RECORDS:
■ ■ ■
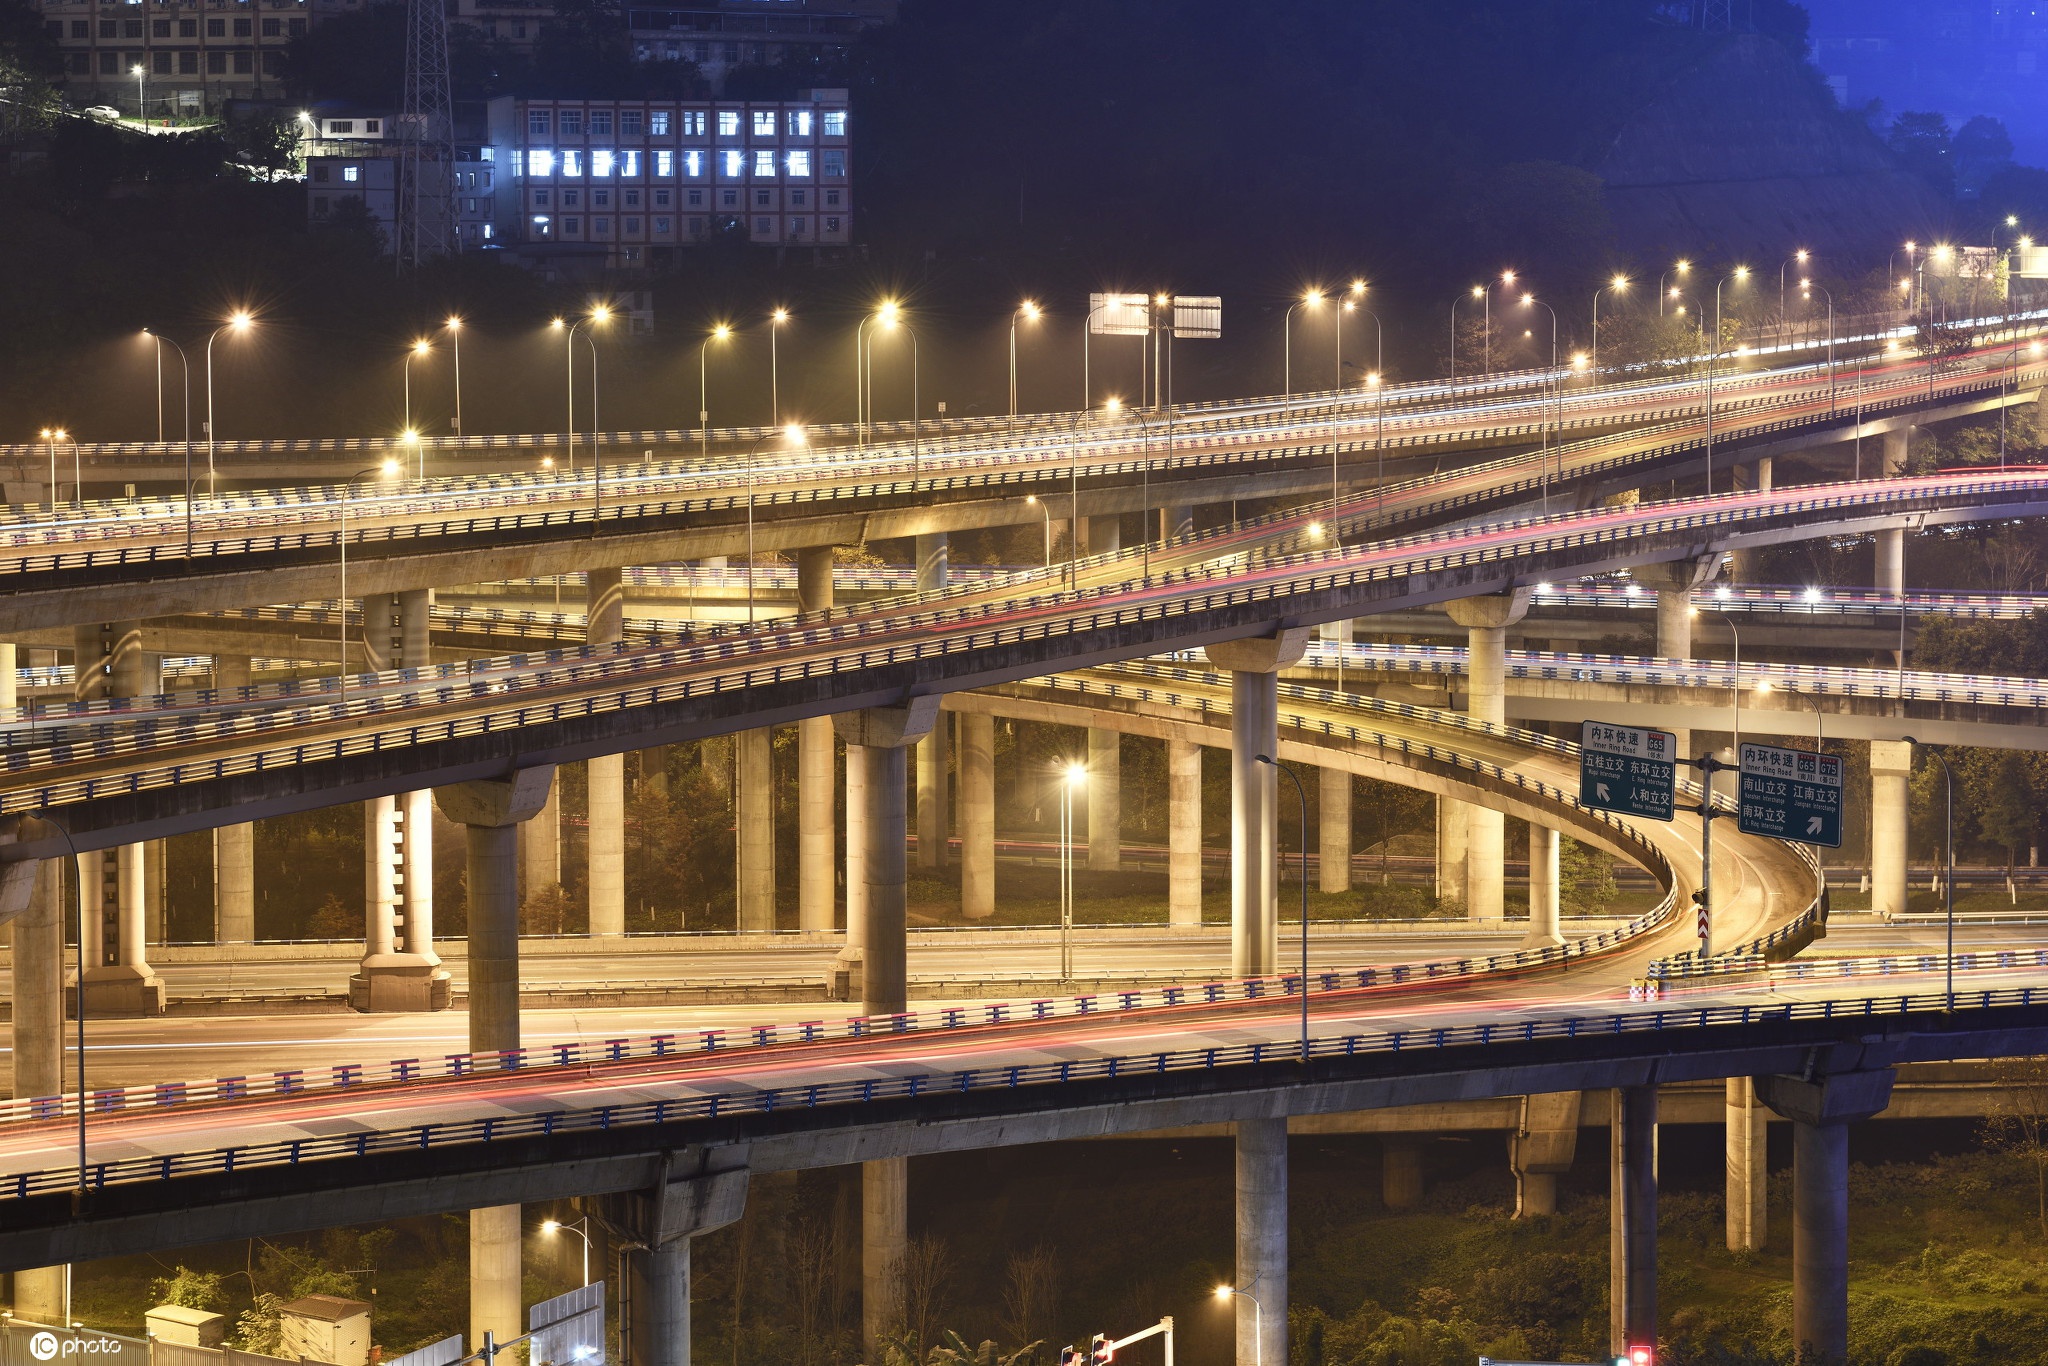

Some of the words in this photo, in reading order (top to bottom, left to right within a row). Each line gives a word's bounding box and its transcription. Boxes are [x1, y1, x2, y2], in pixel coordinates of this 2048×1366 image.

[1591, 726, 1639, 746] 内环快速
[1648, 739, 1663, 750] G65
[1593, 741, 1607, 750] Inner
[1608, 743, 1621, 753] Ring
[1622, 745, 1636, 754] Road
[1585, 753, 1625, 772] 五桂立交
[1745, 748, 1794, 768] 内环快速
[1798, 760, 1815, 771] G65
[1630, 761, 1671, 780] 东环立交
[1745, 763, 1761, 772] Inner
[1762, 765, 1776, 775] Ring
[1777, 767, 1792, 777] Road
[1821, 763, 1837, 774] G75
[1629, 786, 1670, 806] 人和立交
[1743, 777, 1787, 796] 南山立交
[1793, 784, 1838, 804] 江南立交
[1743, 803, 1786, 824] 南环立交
■ ■ ■
PROBLEM REQUIREMENTS: None of the pictures should be reproduced; all other material above must be set down exactly.

TASK OUTPUT:
Some of the words in this photo, in reading order (top to bottom, left to right within a row). Each line gives a word's bounding box and its transcription. Boxes are [x1, y1, x2, y2], in pixel coordinates of this 2048×1366 image.

[1591, 726, 1639, 746] 内环快速
[1648, 739, 1663, 750] G65
[1593, 741, 1607, 750] Inner
[1608, 743, 1621, 753] Ring
[1622, 745, 1636, 754] Road
[1585, 753, 1625, 772] 五桂立交
[1745, 748, 1794, 768] 内环快速
[1798, 760, 1815, 771] G65
[1630, 761, 1671, 780] 东环立交
[1745, 763, 1761, 772] Inner
[1762, 765, 1776, 775] Ring
[1777, 767, 1792, 777] Road
[1821, 763, 1837, 774] G75
[1629, 786, 1670, 806] 人和立交
[1743, 777, 1787, 796] 南山立交
[1793, 784, 1838, 804] 江南立交
[1743, 803, 1786, 824] 南环立交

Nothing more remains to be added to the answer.